I enjoyed watching the game on channel 146 ESPN 2 ALT! GReat game!


----------



## epokopac (Aug 8, 2007)

"Dish network which for some reason I don,t understand does not include the new MLB NETWORK ," 

The earliest you'll see MLB EI (Extra Innings) and/or the new MLB Channel on Dish is 2014 (MAYBE). That is when the exclusive 700 million, seven-year agreement (2007 thru 2013) that MLB, Direct TV and InDemand have expires.

From Raymie (in Arizona):

"What happened with MLB EI:

Dish couldn't just get the package (EI) for X dollars (from MLB). They also HAD to take a stake in the MLB Channel (even more dollars!).

Dish didn't want the latter (MLB Channel), so they couldn't get the former (MLB EI) by extension."


----------



## michael55 (Jan 20, 2008)

neljtorres said:


> I enjoyed watching the game on channel 146 ESPN 2 ALT! GReat game!


 Tell me tonite that you are watching big game tonite Puerto Rico versus USA on Dish channel 854...I don't think so .............. only can be seen in Puerto Rico if u have cable or rooftop atenna ..... BTW score is PUR 4 USA 3 TOP OF 8TH INNING:hurah:


----------



## neljtorres (Jul 15, 2004)

michael55 said:


> Tell me tonite that you are watching big game tonite Puerto Rico versus USA on Dish channel 854...I don't think so .............. only can be seen in Puerto Rico if u have cable or rooftop atenna ..... BTW score is PUR 4 USA 3 TOP OF 8TH INNING:hurah:


I am watching the game on channel 7


----------



## coldsteel (Mar 29, 2007)

And the US won in the bottom of the 9th.


----------



## michael55 (Jan 20, 2008)

neljtorres said:


> I am watching the game on channel 7


 Sorry for your team was beaten , but what happen was that Puerto Rico after they won there first game against USA , they got over confident and cocky . I told everybody in Puerto Rico don't celebrate too much because they still have to play Venezuela and they if lose that game the rematch against USA will be different ... My predication came out true much to my delight !:lol:


----------



## neljtorres (Jul 15, 2004)

michael55 said:


> Sorry for your team was beaten , but what happen was that Puerto Rico after they won there first game against USA , they got over confident and cocky . I told everybody in Puerto Rico don't celebrate too much because they still have to play Venezuela and they if lose that game the rematch against USA will be different ... My predication came out true much to my delight !:lol:


They do this crap every time there are like the [email protected]#$%^& Eagles! With Andy Reid they will not win and with Jose Oquendo they will not win!


----------



## michael55 (Jan 20, 2008)

neljtorres said:


> They do this crap every time there are like the [email protected]#$%^& Eagles! With Andy Reid they will not win and with Jose Oquendo they will not win!

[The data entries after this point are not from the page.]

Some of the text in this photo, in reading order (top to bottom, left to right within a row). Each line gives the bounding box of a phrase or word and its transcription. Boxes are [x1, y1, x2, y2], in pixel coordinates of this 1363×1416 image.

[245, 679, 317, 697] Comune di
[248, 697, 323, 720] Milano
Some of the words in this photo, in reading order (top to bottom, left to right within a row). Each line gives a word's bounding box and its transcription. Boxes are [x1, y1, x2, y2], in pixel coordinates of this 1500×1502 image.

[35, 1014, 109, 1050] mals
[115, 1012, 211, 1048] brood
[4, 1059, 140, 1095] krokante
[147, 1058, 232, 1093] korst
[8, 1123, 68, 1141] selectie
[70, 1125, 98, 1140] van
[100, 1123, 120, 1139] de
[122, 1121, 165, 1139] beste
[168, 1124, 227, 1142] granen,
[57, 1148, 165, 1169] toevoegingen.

If u are a fan of Philadelphia them you should be happy because your Phillies are World Series Champs 2008 ..Its a constant reminder how my Mets choke the last 2 years ...........


----------



## neljtorres (Jul 15, 2004)

michael55 said:


> If u are a fan of Philadelphia them you should be happy because your Phillies are World Series Champs 2008 ..Its a constant reminder how my Mets choke the last 2 years ...........

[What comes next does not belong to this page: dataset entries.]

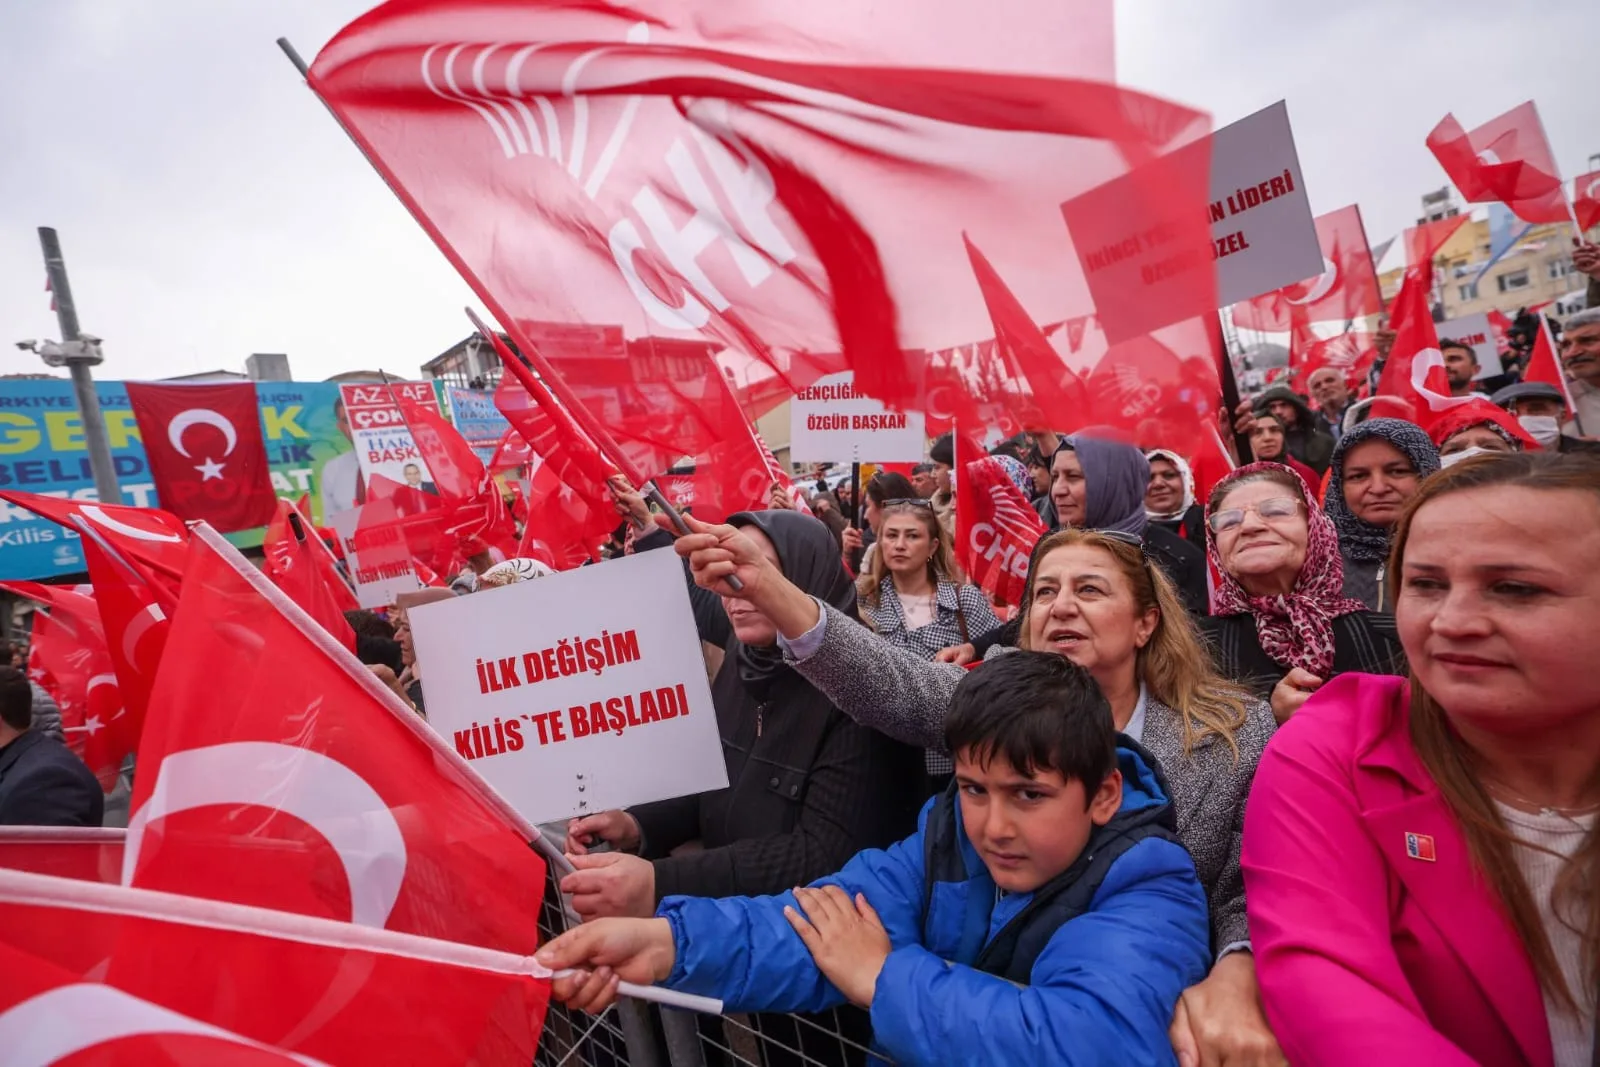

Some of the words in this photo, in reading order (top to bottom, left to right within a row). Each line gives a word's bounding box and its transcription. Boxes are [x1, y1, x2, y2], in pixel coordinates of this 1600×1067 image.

[1226, 168, 1295, 216] LİDERİ
[352, 386, 385, 404] AZ
[807, 413, 849, 431] ÖZGÜR
[852, 414, 907, 432] BAŞKAN
[368, 437, 415, 450] HAK
[368, 446, 421, 463] BAŞK
[969, 521, 1030, 579] CHP
[476, 658, 521, 694] İLK
[522, 630, 641, 684] DEĞİŞİM
[569, 683, 690, 738] BAŞLADI

 I was born and raised in Philly now live in Puerto Rico but somebody had to win in Philly! The yankees win alot, your G Man won two years ago! Our last champion was on 1983 with the sixers!


----------



## neljtorres (Jul 15, 2004)

neljtorres said:


> I was born and raised in Philly now live in Puerto Rico but somebody had to win in Philly! The yankees win alot, your G Man won two years ago! Our last champion was on 1983 with the sixers!

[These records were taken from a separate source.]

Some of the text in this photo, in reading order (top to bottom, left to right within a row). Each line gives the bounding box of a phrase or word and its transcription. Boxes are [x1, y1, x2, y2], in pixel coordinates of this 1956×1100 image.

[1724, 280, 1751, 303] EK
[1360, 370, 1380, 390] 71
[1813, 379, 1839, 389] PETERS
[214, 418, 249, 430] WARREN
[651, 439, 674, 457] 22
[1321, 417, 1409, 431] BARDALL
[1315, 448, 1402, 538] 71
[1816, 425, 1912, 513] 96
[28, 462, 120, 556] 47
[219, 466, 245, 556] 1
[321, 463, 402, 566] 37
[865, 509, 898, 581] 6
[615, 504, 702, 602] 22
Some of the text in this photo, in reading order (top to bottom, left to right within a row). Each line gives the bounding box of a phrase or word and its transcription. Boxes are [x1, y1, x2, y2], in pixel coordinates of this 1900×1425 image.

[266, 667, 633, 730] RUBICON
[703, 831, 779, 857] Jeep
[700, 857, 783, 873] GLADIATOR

Yeah I am real happy the last time the phillies went to the world seies I was 7 years old and went to game 6 with my grandfather and i still remember that game! Now I watch it at home with my 6 year old kid and we were dancing with the fat lady man! Have taken my kid to already two Phillies game and I will be back this year and to Lehigh University to watch Eagles training camp!


----------